Chennai Call Girls Alwarpet Phone 🍆 8250192130 👅 celebrity escorts service
Chennai Call Girls Alwarpet Phone 🍆 8250192130 👅 celebrity escorts serviceChennai Call Girls Alwarpet Phone 🍆 8250192130 👅 celebrity escorts service
Chennai Call Girls Alwarpet Phone 🍆 8250192130 👅 celebrity escorts service
 
VIP Kolkata Call Girl Salt Lake 👉 8250192130 Available With Room
VIP Kolkata Call Girl Salt Lake 👉 8250192130  Available With RoomVIP Kolkata Call Girl Salt Lake 👉 8250192130  Available With Room
VIP Kolkata Call Girl Salt Lake 👉 8250192130 Available With Room
 
Challengers I Told Ya ShirtChallengers I Told Ya Shirt
Challengers I Told Ya ShirtChallengers I Told Ya ShirtChallengers I Told Ya ShirtChallengers I Told Ya Shirt
Challengers I Told Ya ShirtChallengers I Told Ya Shirt
 
Call Girls Service Chandigarh Lucky ❤️ 7710465962 Independent Call Girls In C...
Call Girls Service Chandigarh Lucky ❤️ 7710465962 Independent Call Girls In C...Call Girls Service Chandigarh Lucky ❤️ 7710465962 Independent Call Girls In C...
Call Girls Service Chandigarh Lucky ❤️ 7710465962 Independent Call Girls In C...
 

Social Feed Manager, WADL/JCDL 2016

  • 1. Social Feed Manager Laura Wrubel @liblaura @SocialFeedMgr http://go.gwu.edu/sfm Web Archives and Digital Libraries workshop, JCDL 2016 Social Feed Manager is supported by the National Historical Publications & Records Commission
  • 2. Allows users to create collections of data from social media platforms
  • 3. Open source software, not a black box
  • 4.
  • 5.
  • 6.
  • 7. Research documentation (for researchers) ≈ provenance metadata (for archivists) (and it’s really important for both)

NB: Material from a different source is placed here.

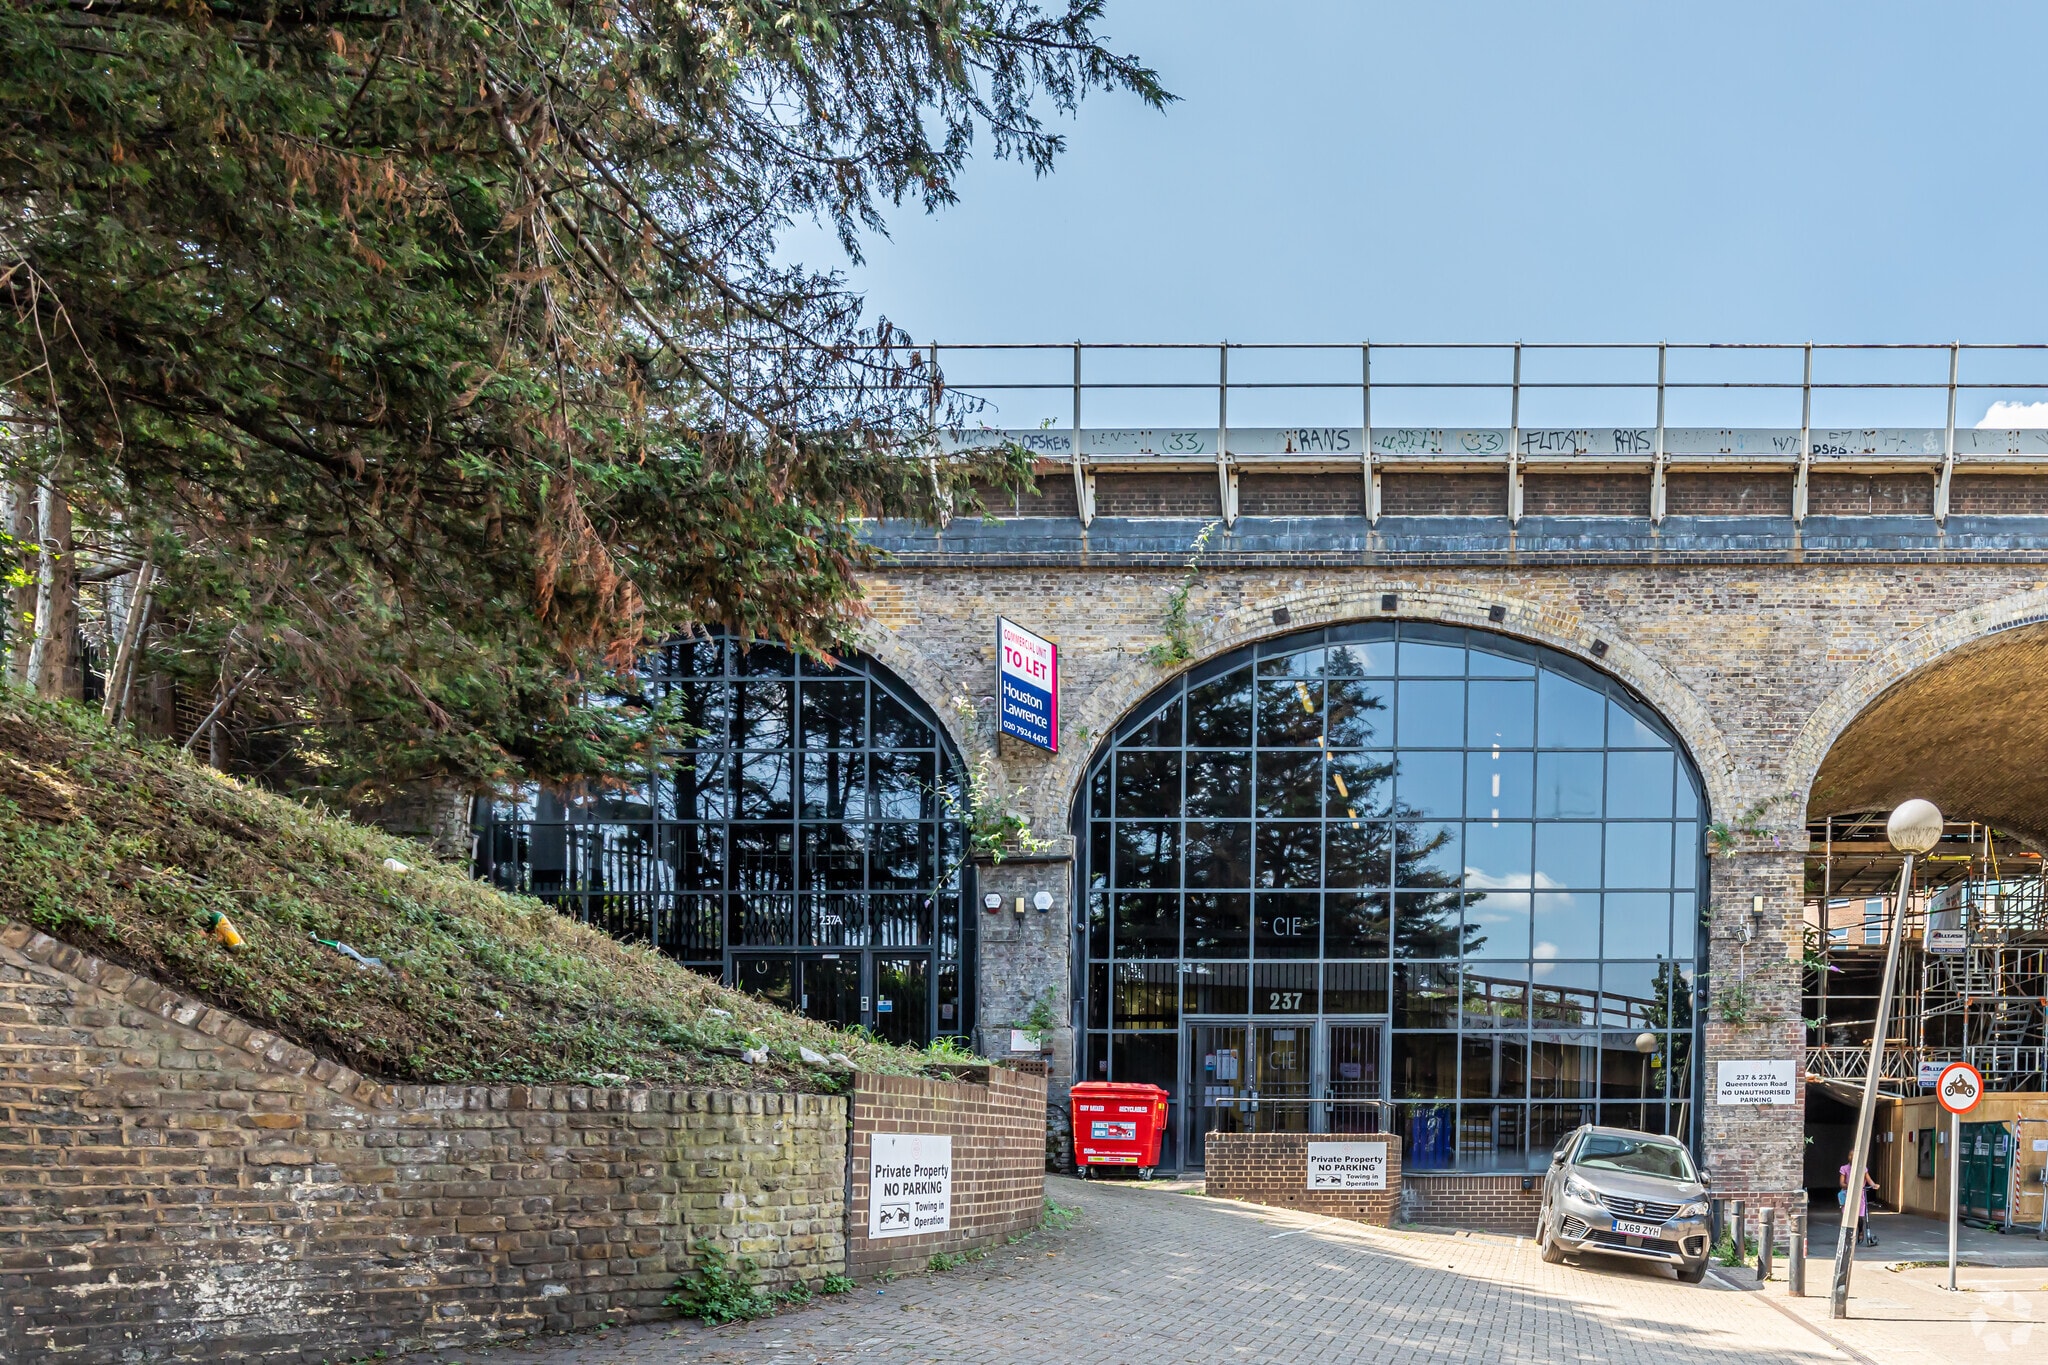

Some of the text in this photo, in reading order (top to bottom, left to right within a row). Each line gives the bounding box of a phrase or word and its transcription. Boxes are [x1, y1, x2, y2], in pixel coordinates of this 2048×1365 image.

  • 8. Creation Authoring of the social media ● Creation metadata is provided by Twitter as JSON via API. ● Social media user metadata: ○ Screen name ○ Date account created ○ Location ● Tweet metadata: ○ Date ○ Tweet text ○ Mentions ○ Hashtags ○ URLs ○ Source (how posted) ● SFM records it in WARC files.
  • 9. Selection Decisions by the SFM user which leads SFM to harvest the tweet Recorded in the SFM database ● Collection information ○ Harvest type ○ Harvest options (e.g., incremental, harvest web resources) ○ Credentials (API keys) ○ Description of collection ● Seeds for the collection (which vary by platform) ○ Screen name ○ UID ○ Keywords to filter on ● Change log ○ Change note ○ Fields changed ○ User who made change ○ Date of change
  • 10. Collection How SFM retrieved the tweet from Twitter’s API ● Collection metadata is received by SFM’s Twitter harvester & recorded within WARCs. ● WARCs include the exact HTTP request/response ○ URL with params such as user account id or keywords ○ HTTP headers ● WARC record headers also include: ○ Date WARC record created ○ Server information ○ Fixities
  • 11. Collection (cont) ● WARC file metadata, recorded in the SFM database: ○ File location ○ File size ○ Fixity ○ Creation date ● Harvest metadata: ○ Date ○ Collection ○ Date harvest started ○ Date harvest ended ○ Messages (informational, warning, or error) ○ Token/seed updates ○ Basic stats on number of items collected
  • 13. How is this useful? http://bit.ly/tweet-prov ● Which of this provenance metadata do you (researcher, archivist, librarian, etc.) want access to? ● How do you want access to this metadata? In SFM’s UI? In reports when exports are created? Exposed via SFM’s software libraries? A REST API? Machine-readable? Human-readable? ● What metadata have we missed? ● Do the answers to the previous questions vary by discipline (e.g., humanities, social science, etc.)? ● Are there other relevant specifications or standards that we should consider? Is there value in a mapping to or providing output in accordance with metadata standards such as PREMIS or PROV?